To do: All entries given below are to be returned word for word.

--- Data records Enclosed Below ---

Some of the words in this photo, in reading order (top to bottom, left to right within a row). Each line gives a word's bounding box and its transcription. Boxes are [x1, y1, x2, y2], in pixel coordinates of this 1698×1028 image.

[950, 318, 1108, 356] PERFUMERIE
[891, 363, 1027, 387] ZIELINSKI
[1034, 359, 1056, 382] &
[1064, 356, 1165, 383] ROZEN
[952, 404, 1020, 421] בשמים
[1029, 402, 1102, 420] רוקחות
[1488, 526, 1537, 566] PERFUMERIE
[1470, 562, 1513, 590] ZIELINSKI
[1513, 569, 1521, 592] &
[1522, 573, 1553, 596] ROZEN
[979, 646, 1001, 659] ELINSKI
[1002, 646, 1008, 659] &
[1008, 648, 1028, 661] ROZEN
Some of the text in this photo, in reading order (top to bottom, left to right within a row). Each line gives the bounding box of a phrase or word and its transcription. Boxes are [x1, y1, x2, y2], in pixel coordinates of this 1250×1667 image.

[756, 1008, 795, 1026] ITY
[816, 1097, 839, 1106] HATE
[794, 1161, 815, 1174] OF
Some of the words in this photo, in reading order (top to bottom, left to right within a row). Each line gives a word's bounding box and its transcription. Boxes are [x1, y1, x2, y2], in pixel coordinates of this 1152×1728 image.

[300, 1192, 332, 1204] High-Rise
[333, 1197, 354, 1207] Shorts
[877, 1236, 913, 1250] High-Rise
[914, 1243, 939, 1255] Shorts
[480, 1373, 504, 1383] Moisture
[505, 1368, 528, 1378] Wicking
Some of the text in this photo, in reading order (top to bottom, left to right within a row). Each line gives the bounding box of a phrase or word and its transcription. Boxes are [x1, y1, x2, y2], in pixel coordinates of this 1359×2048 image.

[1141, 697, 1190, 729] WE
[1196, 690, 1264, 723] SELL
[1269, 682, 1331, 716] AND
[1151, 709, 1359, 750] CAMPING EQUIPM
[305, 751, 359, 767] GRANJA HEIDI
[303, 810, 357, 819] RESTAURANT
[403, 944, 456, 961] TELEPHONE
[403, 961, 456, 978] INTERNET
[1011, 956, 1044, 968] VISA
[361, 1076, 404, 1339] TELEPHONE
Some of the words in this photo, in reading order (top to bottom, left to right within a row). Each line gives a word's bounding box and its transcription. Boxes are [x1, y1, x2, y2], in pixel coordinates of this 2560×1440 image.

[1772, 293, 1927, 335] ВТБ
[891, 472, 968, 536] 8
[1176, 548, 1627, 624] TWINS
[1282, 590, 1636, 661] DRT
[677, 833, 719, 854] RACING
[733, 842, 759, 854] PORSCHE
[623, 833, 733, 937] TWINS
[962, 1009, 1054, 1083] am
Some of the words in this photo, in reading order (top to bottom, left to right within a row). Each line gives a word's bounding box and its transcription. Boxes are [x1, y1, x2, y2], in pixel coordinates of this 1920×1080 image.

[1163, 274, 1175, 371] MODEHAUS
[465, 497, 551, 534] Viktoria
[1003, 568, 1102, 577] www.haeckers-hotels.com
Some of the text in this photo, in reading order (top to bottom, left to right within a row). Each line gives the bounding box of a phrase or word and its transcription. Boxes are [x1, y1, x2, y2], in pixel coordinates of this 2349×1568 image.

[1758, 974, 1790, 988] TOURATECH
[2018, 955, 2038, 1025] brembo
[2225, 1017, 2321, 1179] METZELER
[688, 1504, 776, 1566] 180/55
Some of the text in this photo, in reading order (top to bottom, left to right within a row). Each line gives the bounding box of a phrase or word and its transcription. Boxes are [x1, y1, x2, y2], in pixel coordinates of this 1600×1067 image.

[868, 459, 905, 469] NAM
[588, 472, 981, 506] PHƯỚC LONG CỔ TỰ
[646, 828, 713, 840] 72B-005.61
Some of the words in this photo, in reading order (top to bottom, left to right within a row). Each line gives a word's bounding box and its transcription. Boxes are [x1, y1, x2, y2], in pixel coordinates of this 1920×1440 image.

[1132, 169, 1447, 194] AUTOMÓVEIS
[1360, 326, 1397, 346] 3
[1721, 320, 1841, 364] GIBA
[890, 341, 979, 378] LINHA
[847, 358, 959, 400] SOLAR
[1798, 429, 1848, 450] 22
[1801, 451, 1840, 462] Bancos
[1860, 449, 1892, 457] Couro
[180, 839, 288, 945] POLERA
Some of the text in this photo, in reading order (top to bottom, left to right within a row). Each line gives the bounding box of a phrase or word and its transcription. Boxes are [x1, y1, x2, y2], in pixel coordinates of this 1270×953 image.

--- End of Enclosed Data records ---

Answer to this problem:
Some of the words in this photo, in reading order (top to bottom, left to right within a row). Each line gives a word's bounding box and its transcription. Boxes are [x1, y1, x2, y2], in pixel coordinates of this 1698×1028 image.

[950, 318, 1108, 356] PERFUMERIE
[891, 363, 1027, 387] ZIELINSKI
[1034, 359, 1056, 382] &
[1064, 356, 1165, 383] ROZEN
[952, 404, 1020, 421] בשמים
[1029, 402, 1102, 420] רוקחות
[1488, 526, 1537, 566] PERFUMERIE
[1470, 562, 1513, 590] ZIELINSKI
[1513, 569, 1521, 592] &
[1522, 573, 1553, 596] ROZEN
[979, 646, 1001, 659] ELINSKI
[1002, 646, 1008, 659] &
[1008, 648, 1028, 661] ROZEN
Some of the text in this photo, in reading order (top to bottom, left to right within a row). Each line gives the bounding box of a phrase or word and its transcription. Boxes are [x1, y1, x2, y2], in pixel coordinates of this 1250×1667 image.

[756, 1008, 795, 1026] ITY
[816, 1097, 839, 1106] HATE
[794, 1161, 815, 1174] OF
Some of the words in this photo, in reading order (top to bottom, left to right within a row). Each line gives a word's bounding box and its transcription. Boxes are [x1, y1, x2, y2], in pixel coordinates of this 1152×1728 image.

[300, 1192, 332, 1204] High-Rise
[333, 1197, 354, 1207] Shorts
[877, 1236, 913, 1250] High-Rise
[914, 1243, 939, 1255] Shorts
[480, 1373, 504, 1383] Moisture
[505, 1368, 528, 1378] Wicking
Some of the text in this photo, in reading order (top to bottom, left to right within a row). Each line gives the bounding box of a phrase or word and its transcription. Boxes are [x1, y1, x2, y2], in pixel coordinates of this 1359×2048 image.

[1141, 697, 1190, 729] WE
[1196, 690, 1264, 723] SELL
[1269, 682, 1331, 716] AND
[1151, 709, 1359, 750] CAMPING EQUIPM
[305, 751, 359, 767] GRANJA HEIDI
[303, 810, 357, 819] RESTAURANT
[403, 944, 456, 961] TELEPHONE
[403, 961, 456, 978] INTERNET
[1011, 956, 1044, 968] VISA
[361, 1076, 404, 1339] TELEPHONE
Some of the words in this photo, in reading order (top to bottom, left to right within a row). Each line gives a word's bounding box and its transcription. Boxes are [x1, y1, x2, y2], in pixel coordinates of this 2560×1440 image.

[1772, 293, 1927, 335] ВТБ
[891, 472, 968, 536] 8
[1176, 548, 1627, 624] TWINS
[1282, 590, 1636, 661] DRT
[677, 833, 719, 854] RACING
[733, 842, 759, 854] PORSCHE
[623, 833, 733, 937] TWINS
[962, 1009, 1054, 1083] am
Some of the words in this photo, in reading order (top to bottom, left to right within a row). Each line gives a word's bounding box and its transcription. Boxes are [x1, y1, x2, y2], in pixel coordinates of this 1920×1080 image.

[1163, 274, 1175, 371] MODEHAUS
[465, 497, 551, 534] Viktoria
[1003, 568, 1102, 577] www.haeckers-hotels.com
Some of the text in this photo, in reading order (top to bottom, left to right within a row). Each line gives the bounding box of a phrase or word and its transcription. Boxes are [x1, y1, x2, y2], in pixel coordinates of this 2349×1568 image.

[1758, 974, 1790, 988] TOURATECH
[2018, 955, 2038, 1025] brembo
[2225, 1017, 2321, 1179] METZELER
[688, 1504, 776, 1566] 180/55
Some of the text in this photo, in reading order (top to bottom, left to right within a row). Each line gives the bounding box of a phrase or word and its transcription. Boxes are [x1, y1, x2, y2], in pixel coordinates of this 1600×1067 image.

[868, 459, 905, 469] NAM
[588, 472, 981, 506] PHƯỚC LONG CỔ TỰ
[646, 828, 713, 840] 72B-005.61
Some of the words in this photo, in reading order (top to bottom, left to right within a row). Each line gives a word's bounding box and its transcription. Boxes are [x1, y1, x2, y2], in pixel coordinates of this 1920×1440 image.

[1132, 169, 1447, 194] AUTOMÓVEIS
[1360, 326, 1397, 346] 3
[1721, 320, 1841, 364] GIBA
[890, 341, 979, 378] LINHA
[847, 358, 959, 400] SOLAR
[1798, 429, 1848, 450] 22
[1801, 451, 1840, 462] Bancos
[1860, 449, 1892, 457] Couro
[180, 839, 288, 945] POLERA
Some of the text in this photo, in reading order (top to bottom, left to right within a row). Each line gives the bounding box of a phrase or word and its transcription. Boxes are [x1, y1, x2, y2], in pixel coordinates of this 1270×953 image.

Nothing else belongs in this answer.